Dataset entries
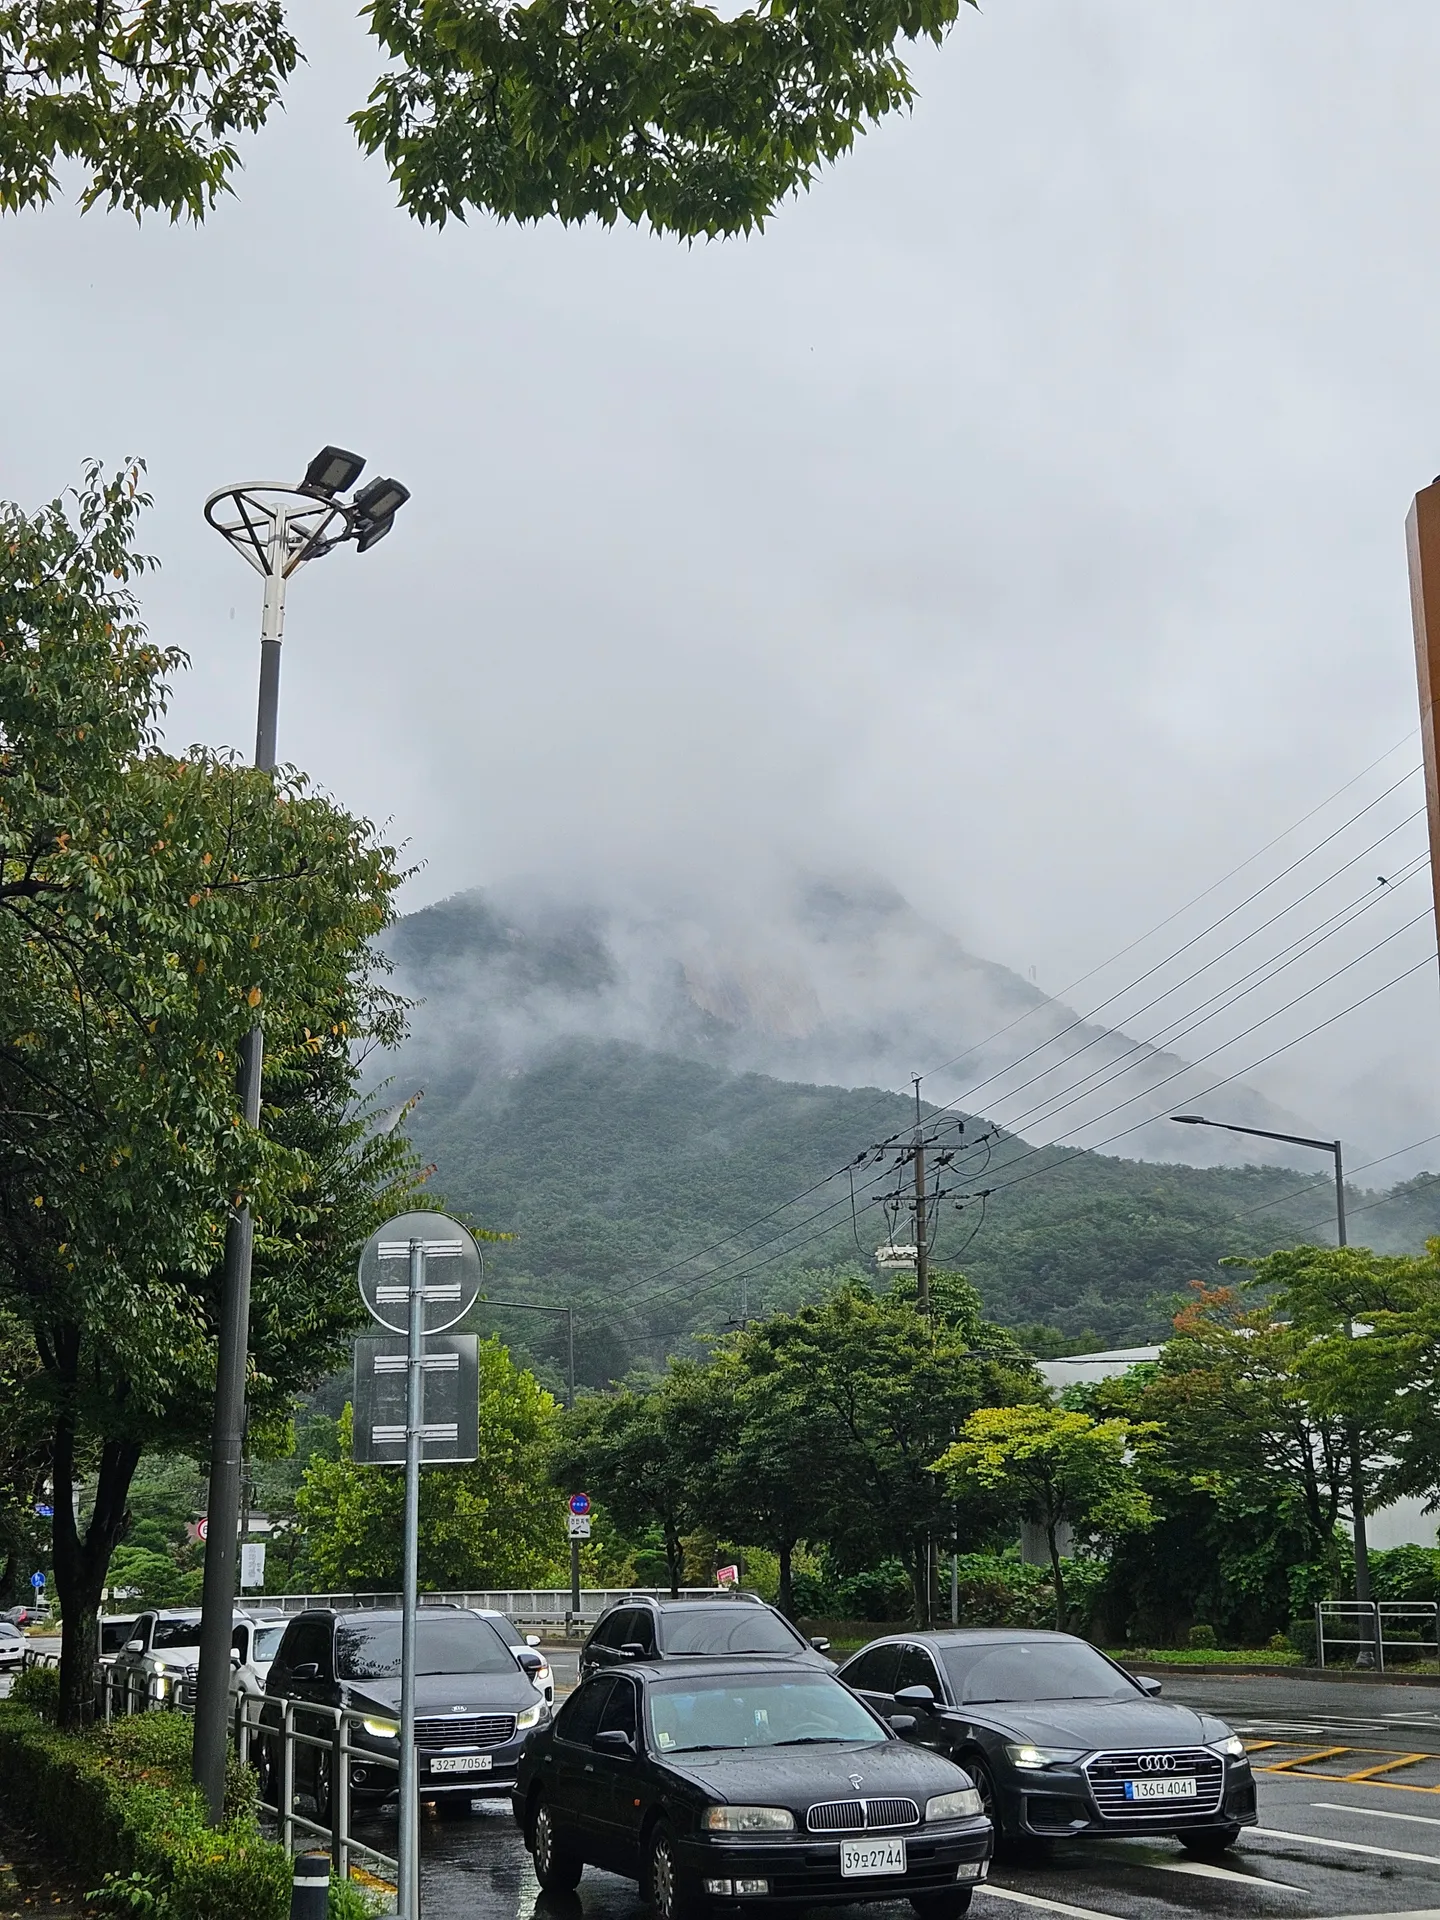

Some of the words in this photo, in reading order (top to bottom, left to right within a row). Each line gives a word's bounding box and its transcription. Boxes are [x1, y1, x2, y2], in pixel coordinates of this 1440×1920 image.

[436, 1760, 456, 1770] 32구
[461, 1758, 487, 1769] 7056
[1167, 1781, 1193, 1796] 4041
[845, 1849, 902, 1869] 39모2744

**PROBLEM TO SOLVE:**
Word for word, write out each line of the records, but leave the pictures behind.

**EXERCISE OUTPUT:**
Some of the words in this photo, in reading order (top to bottom, left to right within a row). Each line gives a word's bounding box and its transcription. Boxes are [x1, y1, x2, y2], in pixel coordinates of this 1440×1920 image.

[436, 1760, 456, 1770] 32구
[461, 1758, 487, 1769] 7056
[1167, 1781, 1193, 1796] 4041
[845, 1849, 902, 1869] 39모2744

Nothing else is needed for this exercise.